The convention on Sunday, which saw participation of several eminent alumni members including Minister of Science and Technology Shri Ashok Panda and chief secretary Asit Kumar Tripathy, also decided to explore ways to build a digital repository of the vast body of research work that currently lie scattered in universities and institutions around the world.

Addressing the valedictory session of the day-long event at Geeta Gobind Bhawan, Bhubaneswar, Shri Panda highlighted the contribution JNUites had made in different walks of life – from politics to policy making, social justice to creative thinking.

“Wherever you go, you will find a JNUite,” he said adding, “the finance minister and the foreign minister of the country are from JNU. Here, the chief secretary of the state is JNU, so am I. Each one of you assembled here is holding an important position, doing an important job, playing important role in the society.”

In his address, Shri Tripathy, who studied political science at JNU, sought to highlight the democratic ethos and values of the university. “JNU is unique,” he said, adding whoever went there became an activist for a cause. “I also became an activist. I also went to jail,” he said referring to the imprisonment of hundreds of JNUites in 1983 during what is considered the most famous student agitation in the university’s history.

The alumni meet of the Odisha chapter, the first-ever state chapter, came against the backdrop of a sustained campaign that has sought to malign JNU, vitiate its democratic environment in recent years. Several speakers at the convention stressed on the need for JNUites to come together to fight this onslaught.

“JNUites never bothered to organize in defense of their alma mater, because there was no threat. But today JNU is under attack. They want to kill the idea of JNU,” said Anand Kumar, professor of sociology and one of the most active voices of JNU. “Today, JNU needs you. We need to come together, to save our alma mater.”
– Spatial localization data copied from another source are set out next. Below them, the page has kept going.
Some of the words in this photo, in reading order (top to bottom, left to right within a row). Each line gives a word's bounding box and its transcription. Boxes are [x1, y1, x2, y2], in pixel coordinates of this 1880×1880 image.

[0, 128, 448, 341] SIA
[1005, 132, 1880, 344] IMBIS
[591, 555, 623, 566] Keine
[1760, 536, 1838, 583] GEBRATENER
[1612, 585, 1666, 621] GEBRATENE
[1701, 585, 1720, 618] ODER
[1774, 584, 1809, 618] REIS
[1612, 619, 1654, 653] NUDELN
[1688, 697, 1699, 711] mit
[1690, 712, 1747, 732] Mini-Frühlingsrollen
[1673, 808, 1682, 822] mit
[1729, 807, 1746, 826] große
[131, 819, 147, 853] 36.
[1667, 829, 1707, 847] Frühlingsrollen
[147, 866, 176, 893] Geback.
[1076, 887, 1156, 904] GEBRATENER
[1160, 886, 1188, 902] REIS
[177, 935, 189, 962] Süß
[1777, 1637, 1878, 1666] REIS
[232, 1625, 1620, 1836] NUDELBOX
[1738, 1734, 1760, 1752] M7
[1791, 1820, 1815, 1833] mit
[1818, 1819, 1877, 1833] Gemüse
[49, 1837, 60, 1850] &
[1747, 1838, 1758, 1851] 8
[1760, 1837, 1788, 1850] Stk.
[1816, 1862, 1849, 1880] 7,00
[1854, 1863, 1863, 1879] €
As late as last week, the JNU administration sought to significantly hike hostel fees and imposed several restrictions on students staying in the campus. In recent years, authorities have increasingly harassed faculty members and students questioning their decisions.

“Pensions and settlement on retirement are being held up deliberately. Steep fines are being imposed on flimsy grounds. Court cases are piling up,” said Ajay Patnaik, a professor of international relations and a rallying figure for Odias in JNU for the past four decades.